A) An example structure of SARS-CoV-2 Spike protein from our simulations that is fully compatible with receptor binding, as shown by superimposing ACE2 (gray). The three chains of Spike are illustrated with a cartoon and transparent surface representation (orange, teal, and purple), and glycans are shown as sticks (green). B) Three Spike homologues have very different probabilities of adopting ACE2 binding competent conformations, likely modulating their affinities for both ACE2 and antibodies that engage the ACE2-binding interface. HCoV-NL63, SARS-CoV-1, and SARS-CoV-2 are shown as light-blue, orange, and black, respectively. C) The probability distribution of Spike opening for each homologue. Opening is quantified in terms of how far the center of mass of an RBD deviates from its position in the closed (or down) state. The cryptic epitope for the antibody CR3022 (red) is only accessible to antibody binding in extremely open conformations. D) Our simulations capture exposure of cryptic epitopes that are buried in the up and down cryoEM structures. The fraction of residues within different epitopes that are exposed to a 0.5 nm radius probe for the down structure (blue), up structure (yellow), the ensemble average from our simulations (green), and the maximum value we observe in our simulations (red). Epitopes are determined as the residues that contact the specified antibody, and are clustered by their binding location on the RBD.

Figure 3:. Effects of glycan shielding and conformational masking on the accessibility of different parts of the Spike to potential therapeutics.

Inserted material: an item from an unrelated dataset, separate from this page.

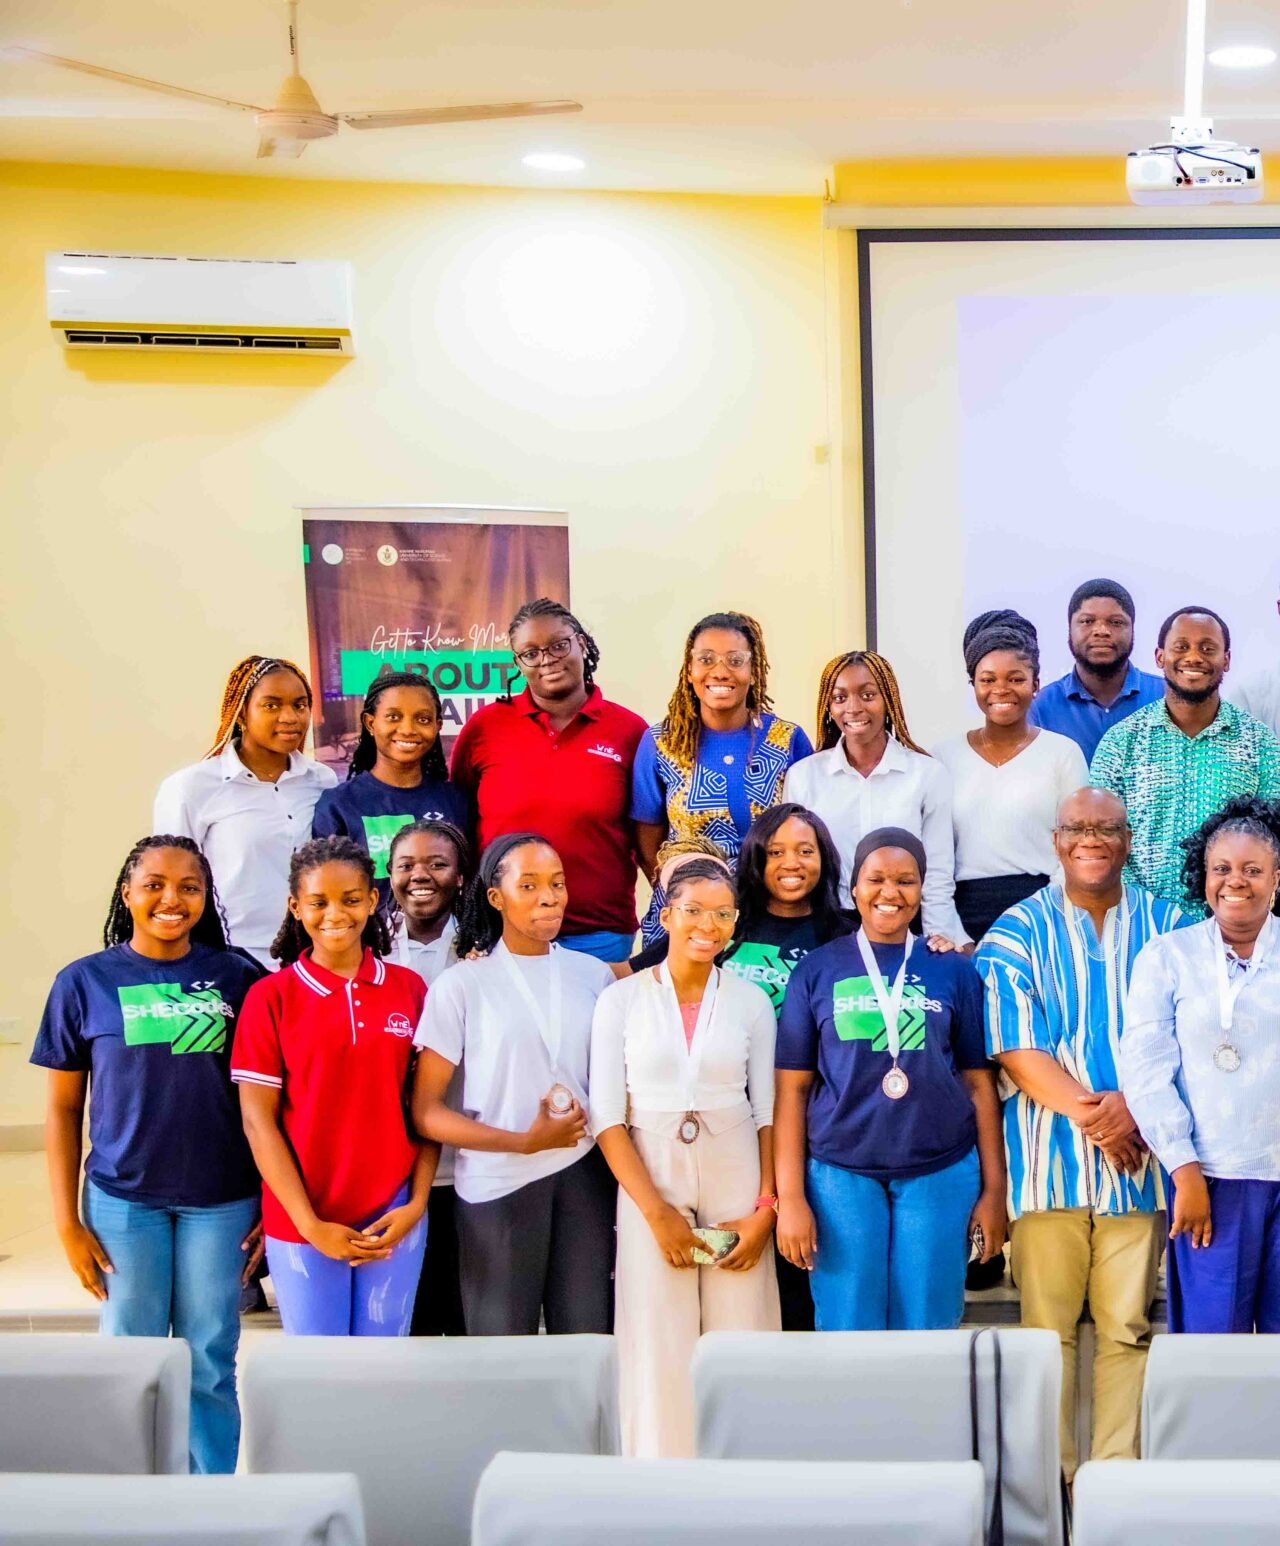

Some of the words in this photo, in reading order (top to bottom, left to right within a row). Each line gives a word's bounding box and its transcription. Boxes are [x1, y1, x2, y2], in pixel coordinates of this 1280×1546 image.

[371, 625, 400, 659] Get
[422, 622, 465, 656] Know
[469, 622, 510, 656] Mor
[122, 999, 235, 1018] SHECodes

A) The probability that a residue is exposed to potential therapeutics, as determined from our structural ensemble. Red indicates a high probability of being exposed and blue indicates a low probability of being exposed. B) Exposure probabilities colored on the surface of the Spike protein. Exposed patches are circled in orange. Red residues have a higher probability of being exposed, whereas blue residues have a lower probability of being exposed. Green atoms denote glycans. C) Sequence conservation score colored onto the Spike protein. A conserved patch on the protein is circled in orange. Red residues have higher conservation, whereas blue residues have lower conservation. D) The difference in the probability that each residue is exposed between the ACE2-binding competent conformations and the entire ensemble. Red residues have a higher probability of being exposed upon opening, whereas blue residues have a lower probability of being exposed.

Figure 4:. Examples of cryptic pockets and functionally-relevant dynamics.

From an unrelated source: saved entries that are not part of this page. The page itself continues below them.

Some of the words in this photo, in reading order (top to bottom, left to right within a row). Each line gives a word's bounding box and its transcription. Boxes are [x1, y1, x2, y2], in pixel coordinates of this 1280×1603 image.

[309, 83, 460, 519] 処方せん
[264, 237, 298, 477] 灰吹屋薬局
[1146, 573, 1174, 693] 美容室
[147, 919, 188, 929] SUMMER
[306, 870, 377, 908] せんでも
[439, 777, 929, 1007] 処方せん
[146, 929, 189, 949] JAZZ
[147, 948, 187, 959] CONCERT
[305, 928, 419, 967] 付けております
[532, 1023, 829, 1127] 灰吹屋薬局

A-B) Conformational ensemble of M^pro (monomeric) highlighting cryptic pockets near the active site (AS) and domain interface (DI). Conformational states (black circles) are projected onto the solvent accessible surface areas (SASAs) of residues surrounding either the active-site or dimerization interface. The starting structure for simulations (6Y2E) is shown as a red dot. Representative structures are depicted with cartoon and transparent surface. Domains I and II are colored cyan and domain III is colored gray. The loop of domain III, which covers the active-site residues and is seen to be highly dynamic, is colored red. C-D) The conformational ensemble from our simulations of nucleoprotein is similar to the distribution of structures seen experimentally. Conformational states are projected onto the distance and angle between the positive finger and a nearby loop. Angles were calculated between vectors that point along each red segment in panel D and distances were calculated between their centers of mass. Cluster centers are represented as black circles, the starting structure for simulations (6VYO) is shown as a red dot, and NMR structures are shown with solid blue dots. Representative structures are shown as cartoons.

Figure 5:. NSP10/NSP14 (complex) transition from closed to open state.

Backbone is represented as a cartoon and sidechains are represented with a transparent surface. The residues that undergo a large conformational change to expose a cryptic pocket are highlighted in pink.

Figure 6:. Human IL6-R transition from expanded to closed state.

Backbone is represented as a cartoon and sidechains are represented with a transparent surface. The residues that undergo a large conformational change to reveal a potential druggable site are highlighted in red.